— Ну всего-то один раз, в кои веки, имею я право? — слезливо протянул Константин.
— Нет, не имеешь, — отрубил отец Николай. — Это смерд убогий, кой работой непосильной изнурен, позволить себе может, или мастеровой какой — ему тоже дозволено. А ты же кня-а-азь, — с укоризной протянул он.
— Да какой я князь, — печально махнул рукой Константин. — Я и впрямь, наверное, учителишка негодный и человечишко задрипанный. Плюс засранец сопливый и пирожок без никто, — вовремя вспомнил он концовку своей характеристики.
— Ты забыл сказать — и еще злопамятный, — добавил священник, поинтересовавшись: — Ты теперь поди лет десять мне эти слова вспоминать будешь али поболе?
— Не, не буду, — искренне пообещал Константин. — Хотя критику твою запомню на всю жизнь. Чтоб исправляться и, как говорится, больше не соответствовать столь негативному образу.
— Ерничаешь? — с грустью в голосе спросил отец Николай, виновато и как-то беззащитно посмотрев на князя.
В глазах священника плескалась такая затаенная боль, что Константину стало не по себе.
— Да что ты, отче? — перепугался он. — Как на духу говорил, искренне. Если теперь я когда-нибудь еще так расслаблюсь, то этот разговор припомню и сам себе все повторю. Для убедительности. Честно-честно.
— Верю, — помолчав, откликнулся священник. — А лучше бы забыл, — порекомендовал он и пожаловался: — Стыдно-то как, господи. Ты бы только знал, Костя, как мне стыдно, что я сорвался. И нашел же ведь на ком отыграться, балбес?! Это ведь совсем без ума надо быть, чтоб так вот… Словом, барахло я, а не священник. А еще княжий наставник, — протянул он ехидно. — Так, шаромыга в рясе. Не-э-эт, все. Теперь все. Вот докончу дела, отстроим Рязань, и уйду я куда глаза глядят. В монастырь уйду, решено.
— В женский, — невозмутимо добавил Константин.
— Это еще почему? — оторопело уставился на своего собеседника отец Николай.
— А у тебя с ними лучше всего получается, — спокойно пояснил Константин.
— Ты на что это намекаешь? — нахмурился священник.

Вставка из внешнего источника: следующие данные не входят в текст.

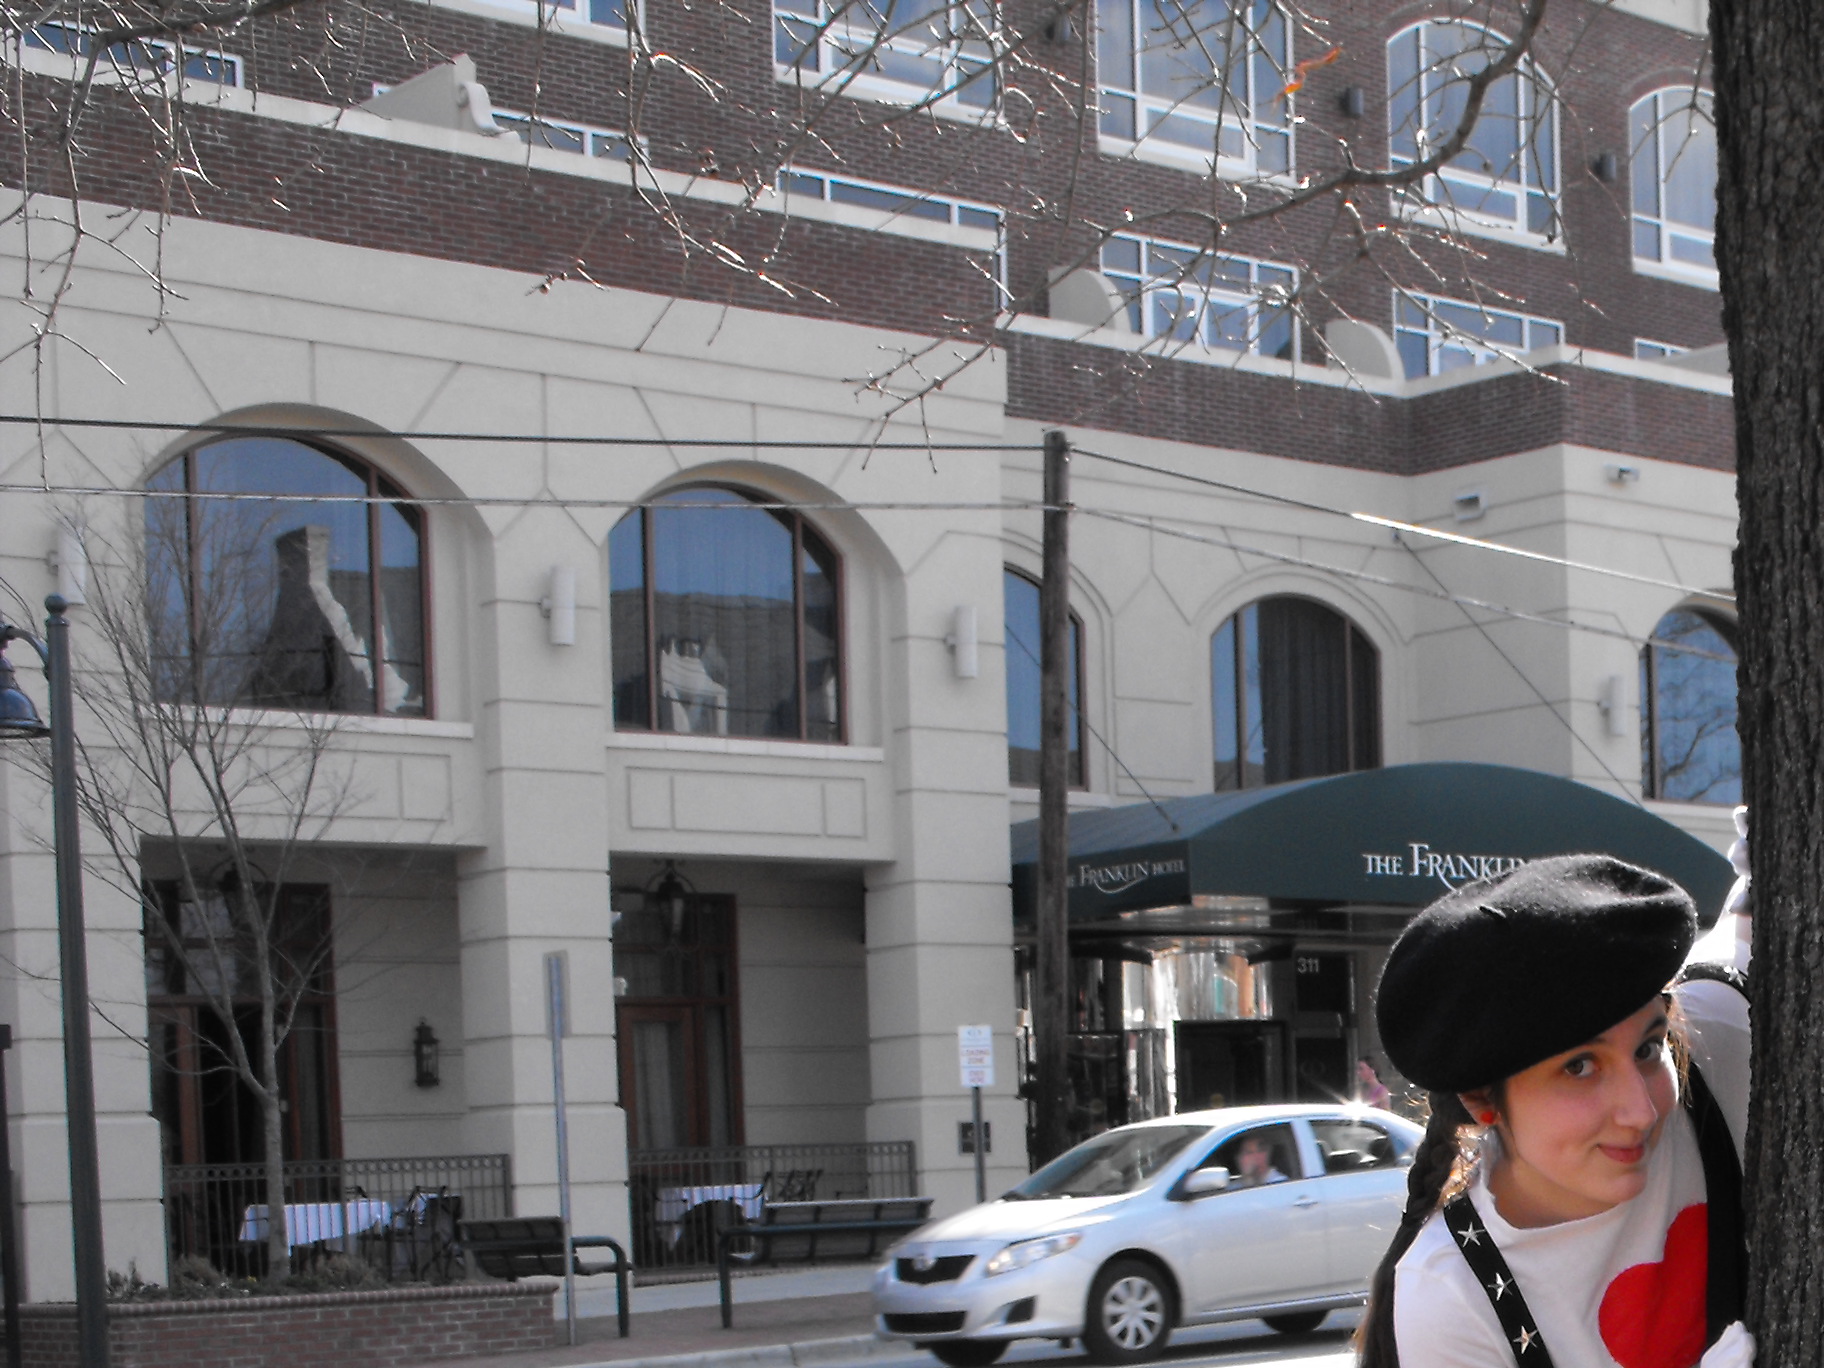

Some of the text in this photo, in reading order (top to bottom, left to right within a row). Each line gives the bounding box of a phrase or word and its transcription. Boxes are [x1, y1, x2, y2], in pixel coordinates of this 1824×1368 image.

[1079, 861, 1149, 893] FRANKLIN
[1152, 859, 1186, 875] HOTEL
[1362, 853, 1404, 876] THE
[1297, 957, 1320, 974] 311

— Да ни на что я не намекаю. Прямым текстом говорю, куда уж яснее. Я эту картину не раз наблюдал. Идет баба в церковь вся измученная, работой непосильной изнуренная, да еще и мужем битая. А из церкви, после твоей проповеди и исповеди, на нее поглядеть, так и не узнаешь — чисто мадонна рязанская. Сразу видно, что человеку опять жить хочется. Да ей же родная мать столько ласковых слов за всю жизнь не наговорила, сколько ты за один присест. А идет-то когда — лицо светится, как у богородицы на иконах рублевских, глаза лучатся, улыбка солнышком брызжет. Ты сам разве не замечал? — заговорщически толкнул священника в бок Константин.